И она обещала и старалась сдержать слово, вздрагивала от каждого стука в дверь, справлялась о Серёже у знакомых, плакала, молилась и ждала, ждала, ждала. А когда надежда истлела осенним листиком, в дверь раздался настойчивый стук.
* * *
Вот уже два года, как муж пропал, а Надя всё ещё слышала его голос. Если после звонка в дверь прикрыть уши руками, то сквозь монотонный гул отчётливо представлялось, как он тихонько зовёт: «Надюша, ты дома?» Кабы было можно, то она кинулась бы ему навстречу, обвила руками шею и, тычась губами в щёку, запричитала: «Дома, конечно, дома.
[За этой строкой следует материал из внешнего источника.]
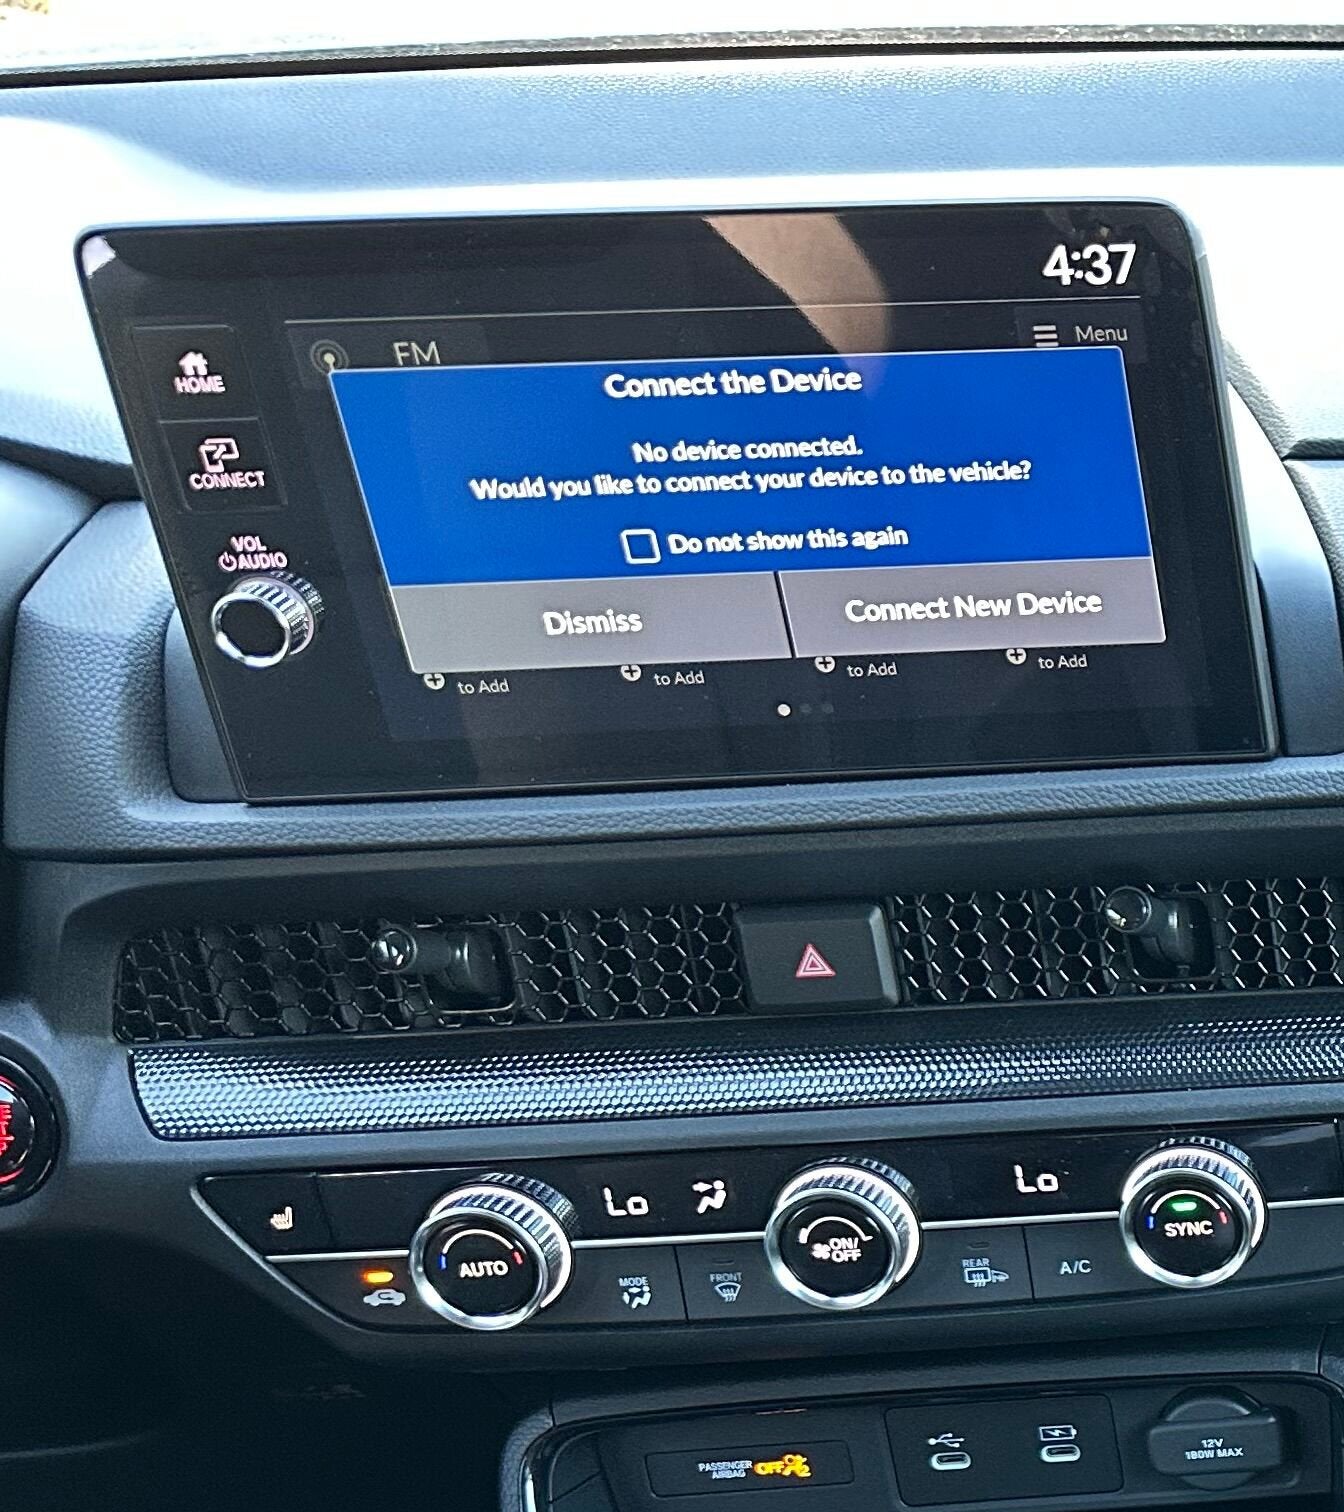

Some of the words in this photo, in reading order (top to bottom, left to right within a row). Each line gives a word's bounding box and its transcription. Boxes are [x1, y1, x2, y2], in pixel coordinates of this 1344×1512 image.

[1043, 243, 1138, 286] 4:37
[1075, 324, 1129, 344] Menu
[392, 341, 441, 366] FM
[174, 375, 226, 393] HOME
[603, 371, 718, 398] Connect
[720, 369, 766, 395] the
[770, 367, 863, 394] Device
[631, 441, 669, 463] No
[672, 439, 742, 461] device
[745, 435, 864, 460] connected.
[189, 470, 266, 490] CONNECT
[469, 476, 546, 500] Would
[549, 475, 592, 501] you
[594, 473, 634, 495] like
[635, 475, 662, 494] to
[665, 470, 753, 493] connect
[755, 472, 806, 494] your
[809, 465, 878, 488] device
[880, 465, 906, 486] to
[909, 462, 946, 484] the
[948, 459, 1032, 483] vehicle?
[230, 535, 267, 552] VOL
[667, 533, 703, 555] Do
[706, 532, 744, 553] not
[747, 530, 804, 550] show
[806, 527, 848, 549] this
[851, 525, 909, 550] again
[237, 551, 288, 570] AUDIO
[844, 596, 951, 623] Connect
[952, 594, 1012, 620] New
[1016, 590, 1103, 617] Device
[542, 608, 643, 636] Dismiss
[847, 663, 864, 678] to
[867, 661, 898, 677] Add
[1037, 656, 1054, 670] to
[1057, 653, 1088, 669] Add
[457, 680, 476, 695] to
[478, 678, 510, 694] Add
[653, 671, 671, 687] to
[673, 669, 705, 686] Add
[1013, 1164, 1059, 1193] Lo
[603, 1187, 649, 1217] Lo
[1164, 1220, 1214, 1239] SYNC
[829, 1237, 859, 1250] ON/
[832, 1249, 862, 1263] OFF
[962, 1258, 990, 1268] REAR
[459, 1260, 509, 1279] AUTO
[1059, 1259, 1092, 1275] A/C
[618, 1276, 648, 1287] MODE
[710, 1272, 743, 1283] FRONT
[1201, 1438, 1224, 1448] 12V
[1185, 1449, 1215, 1460] 180W
[1216, 1447, 1244, 1458] MAX
[698, 1460, 753, 1472] PASSENGER
[754, 1460, 785, 1475] OFF
Где же я ещё могу быть?»
Но в дверь звонили не ей, а соседям, которые заселились полгода назад. К ним то и дело кто-то приходил: то мастеровые из паровозного депо в скрипучих сапогах всмятку, то заглядывала весёлая девушка с кудряшками на лбу, то шмыгал по коридору старик, насквозь пропахший крепким самосадом. Сосед, кажется, работал слесарем, а соседка целыми днями стрекотала на швейной машинке. Ещё у них был мальчонка, которого по утрам с шумом и грохотом отводили в детский сад соседнего Домкомбеда.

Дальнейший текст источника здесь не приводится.